More than 80 delegates, representing local authorities, Further Education Colleges, vocational training providers, youth organisations, information and advice workers, community organisations, employers and agencies such as the British Council attended the conference which was titled ‘Bridging the Culture Clash between Employers, Young People and Local Cultures‘.
Big Bang is an international project funded by the European Union’s Lifelong Learning programme, which is co-ordinated by Rinova, working with 15billion as the lead organisation and with partners VMST (Iceland), APS (Netherlands), Onageb (Spain) and die Berater (Austria). Over the last two years, the project has been exploring the extent to which mismatches between the ‘culture clash’ of work, school and ‘local or street’ culture is one factor amongst many that are contributing to long-term youth unemployment across Europe.
During the first half of the conference, delegates heard from Ilias El Hadioui of Erasmus University from the Netherlands (pictured above right, seated, with Richard Parkes, Director of Rinova), whose published work on the ‘clash’ between cultural norms at school, at home and on the ‘street’ was one of the original inspirations behind the project. Ilias presented his latest thoughts on the issue, including the need for schools and educational institutions to adopt a ‘transformative’ culture to better prepare young people for the future.

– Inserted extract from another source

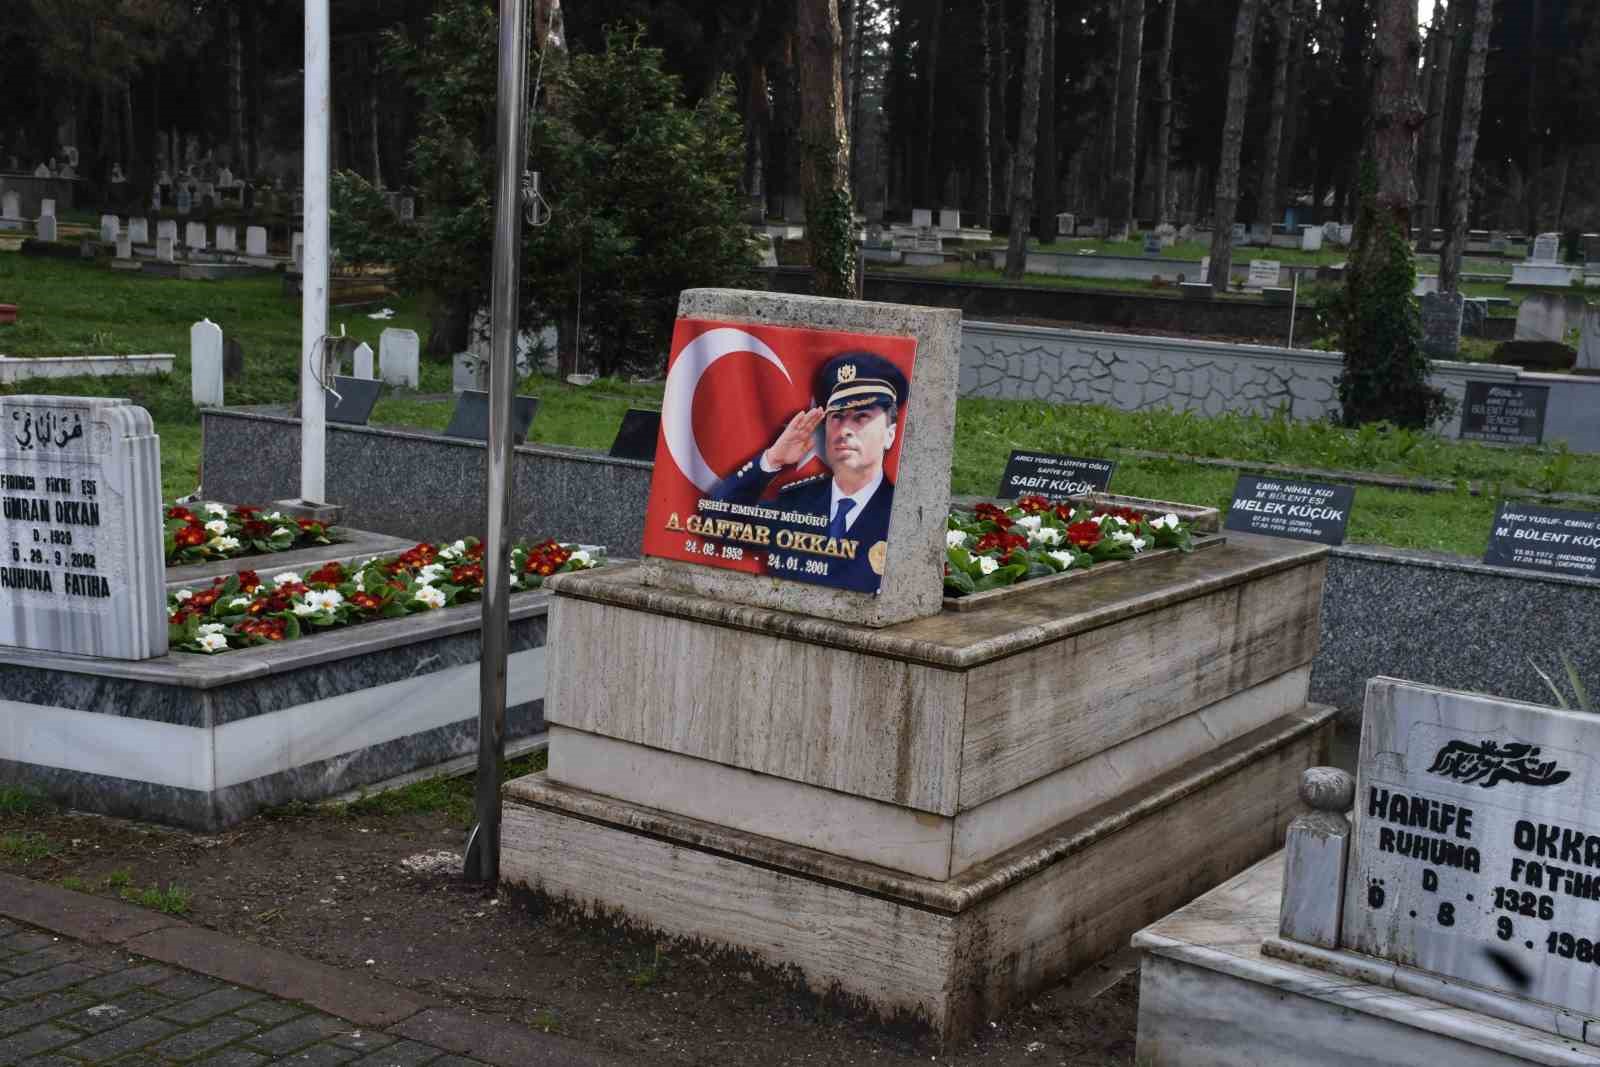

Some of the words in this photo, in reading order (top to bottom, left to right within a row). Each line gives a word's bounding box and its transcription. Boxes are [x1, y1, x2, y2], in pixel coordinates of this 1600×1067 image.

This was followed by an entertaining presentation from Steve Rawlings of Building Lives Training Academies. Steve (pictured left) was born and brought up locally to the venue in East London and talked about his upbringing and how young people of his generation found ways forward into employment through the kind of networks and pathways that have largely disappeared. Having built and grown a successful construction company, one that now turns over more than £300m and employs some 4,000 people, Steve was inspired by his own upbringing and the plight of many young people to develop a new approach to recruiting and supporting young people into the construction industry.
During the second half of the conference, delegates were able to hear more about the Big Bang project itself, including the work undertaken in Iceland and Austria by speakers from VMST and die Berater respectively.
The event concluded with an inspiring speech from Adrian Whyte – a local young person from London’s East End who, following support from 15billion, had made the succesful transition to employment.
(Pictured: Soffia Gisladottir from the Icelandic Directorate of Labour (VMST) talks of Big Bang in Iceland – and volcanoes (!)- to the conference (above, right), and Adrian Whyte provides a young person’s perspective with the final presentation of the day (below).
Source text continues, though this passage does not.